2 DAYS OUT The holidays are a good time to bring out your best dishes. Make sure they are free of dust and wash any that have not been used recently. Make sure the glasses are spot free. Check the table linens to see it they are clean and free of wrinkles. Your cranberry sauce can be made now. A couple of days in the refrigerator will enhance the flavor. Cut or cube your bread for the stuffing and lay it out on a baking sheet in a single layer so it has a chance to dry out. Stale bread makes the best stuffing!

THE DAY BEFORE If you ordered a fresh turkey today is the day you should pick it up. Prepare the stuffing, but if you are using raw eggs in the stuffing leave them out until you are ready to bake it. Make the giblet stock for the gravy. (if you don’t know what giblets are, ask your Grandma!) Take out the pie crust from freezer to defrost. Make pies and any other desserts. Peel potatoes and refrigerate them in a pan of water Prepare the vegetable casseroles and side dishes that require baking. You can either bake them today and reheat on Thanksgiving or wait and bake them right before dinner. Set the table tonight or first thing in the morning. Plan out your cooking schedule for the next day. Depending on what time you are eating and how big the turkey is will determine what time you need to start your day, so plan accordingly! If you have a small oven you will need to plan bake times and temperatures very carefully. Writing down a specific timeline for everything will be very helpful.

THANKSGIVING DAY

Don’t panic! If you have stuck to your schedule you will be fine!

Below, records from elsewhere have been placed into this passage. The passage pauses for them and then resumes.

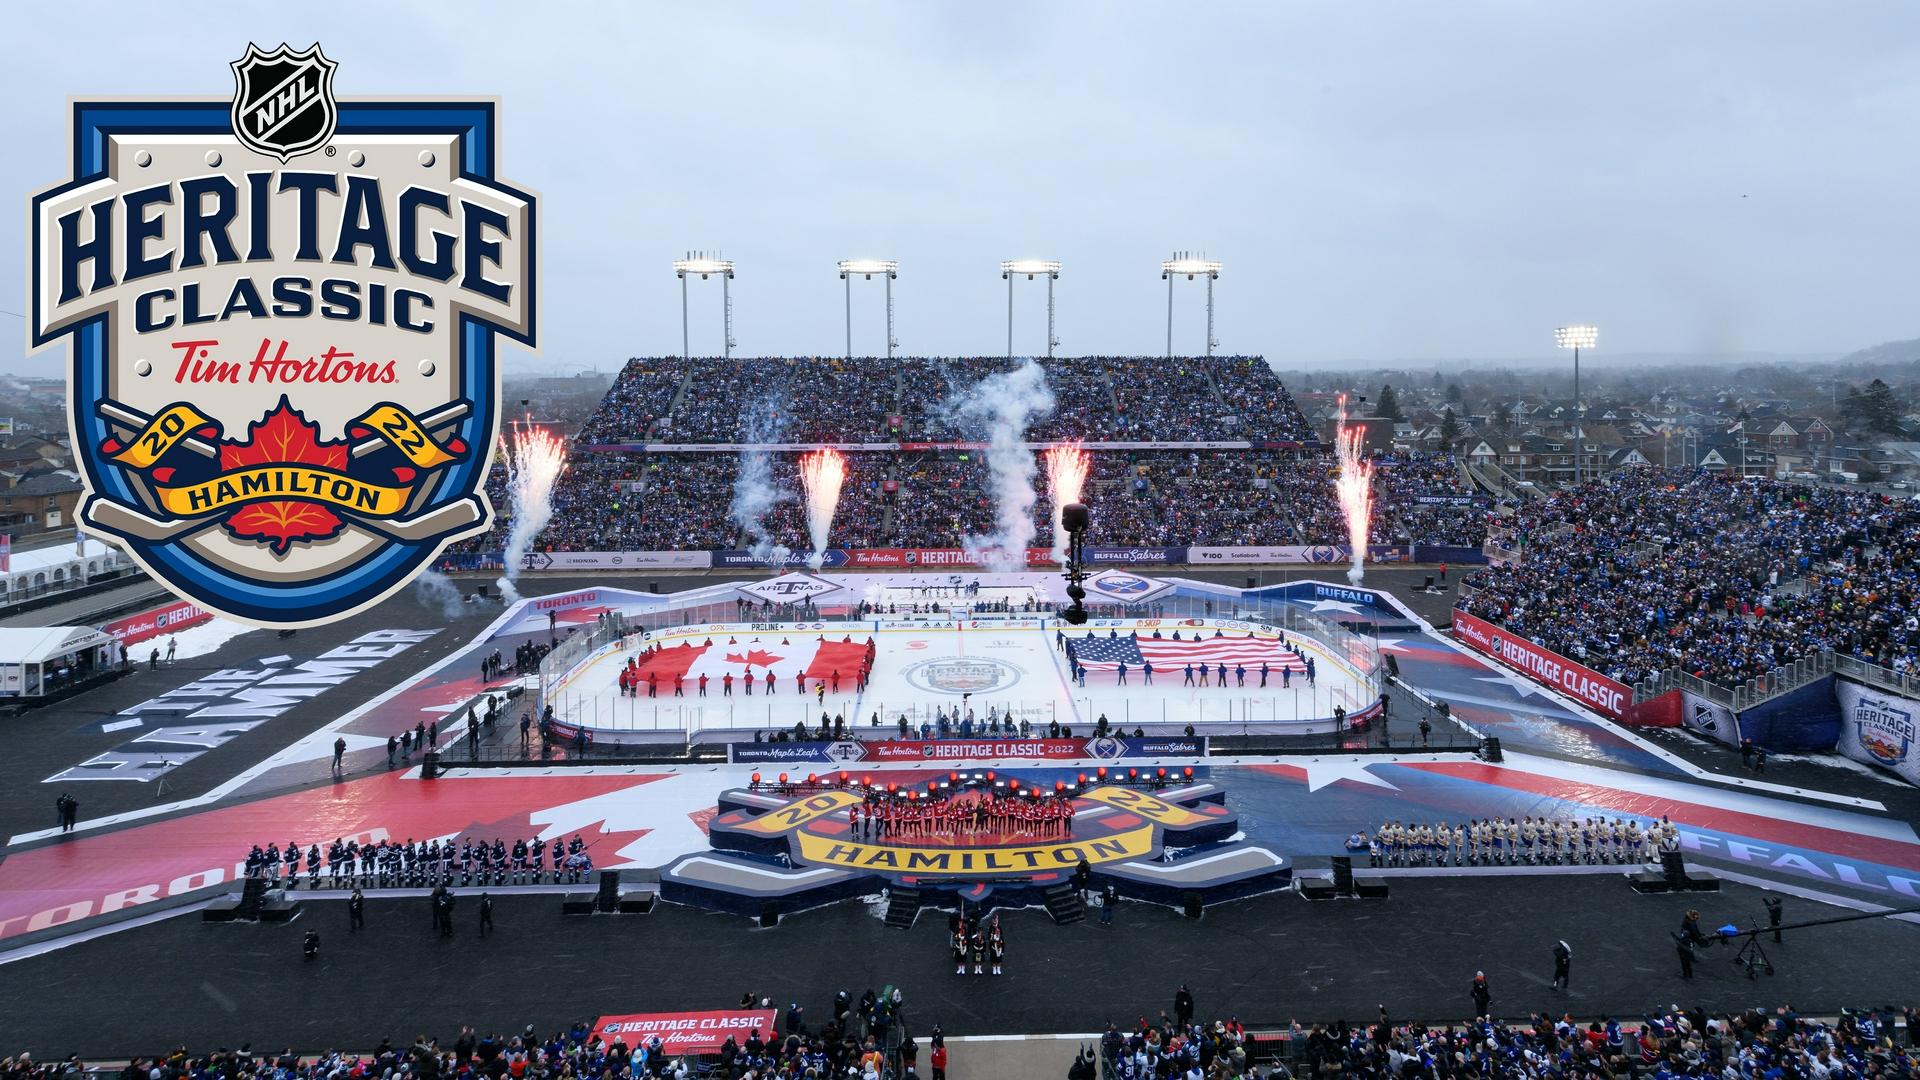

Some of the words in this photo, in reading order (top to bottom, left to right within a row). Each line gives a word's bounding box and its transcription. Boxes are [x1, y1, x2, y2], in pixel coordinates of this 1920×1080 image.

[763, 552, 801, 566] Maple
[856, 553, 869, 563] Tim
[868, 552, 899, 562] Hortons
[921, 551, 978, 564] HERITAGE
[1129, 549, 1167, 562] Sabres
[535, 592, 596, 610] TORONTO
[1317, 587, 1373, 603] BUFFALO
[112, 627, 127, 640] Tim
[126, 621, 155, 637] Hortons
[751, 623, 779, 631] PROLINE
[1144, 619, 1161, 627] SKIP
[61, 632, 99, 649] SPORTSNET
[926, 666, 1002, 675] HERITAGE
[1455, 618, 1466, 635] Tim
[1465, 622, 1490, 647] Hortons
[1503, 639, 1561, 684] HERITAGE
[1563, 669, 1624, 715] CLASSIC
[117, 668, 279, 716] THE
[41, 628, 447, 783] HAMMER
[1856, 709, 1912, 738] HERITAGE
[1863, 721, 1901, 739] CLASSIC
[768, 748, 794, 759] Maple
[795, 747, 819, 757] Leafs
[878, 746, 894, 756] Tim
[893, 746, 920, 756] Hortons
[936, 744, 993, 757] HERITAGE
[995, 743, 1045, 757] CLASSIC
[1047, 745, 1074, 754] 2022
[1168, 742, 1196, 753] Sabres
[777, 796, 838, 825] 20
[1108, 790, 1169, 819] 22
[825, 839, 1130, 871] HAMILTON
[622, 1020, 690, 1033] HERITAGE
[692, 1016, 764, 1030] CLASSIC
[666, 1032, 716, 1044] Hortons
[1125, 1065, 1134, 1077] 91

Set out the turkey. It should sit out about 2 hours before putting it in the oven. Finish making the stuffing and if you are using eggs it is safe to put them in now. Preheat the oven and if stuffing the turkey do it now. Put turkey in oven, basting every 30 minutes. Cooking time will depend on the size of your bird, so look up recommended cook times. You can easily look up cook times online (we recommend www.allrecipes.com) Make the mashed potatoes (about an hour before mealtime set them over simmering water in a heat proof bowl on the back of your stove to keep them warm and fluffy.) If your casseroles are ready but have not been baked put them in the oven an hour before the feast so they will be hot when serving. If you cooked them earlier, reheat 30 minutes before. Check the turkey for doneness in the thigh area or thickest part of the turkey with a meat thermometer making sure it reads 165 degrees. Remove turkey from oven and let it sit 30 minutes before carving. (Now that the turkey is out of the oven you can put the pre-cooked casseroles back in to reheat.) Make the gravy, allowing at least 10 minutes , if you are making a lot of gravy it takes awhile. Put salads and relishes on the table and make sure the beverage glasses are filled. The hot dishes should be put in serving dishes so that they can be passed. Everything should be on the table! Have everyone take their seat and bring in the guest of honor, the turkey!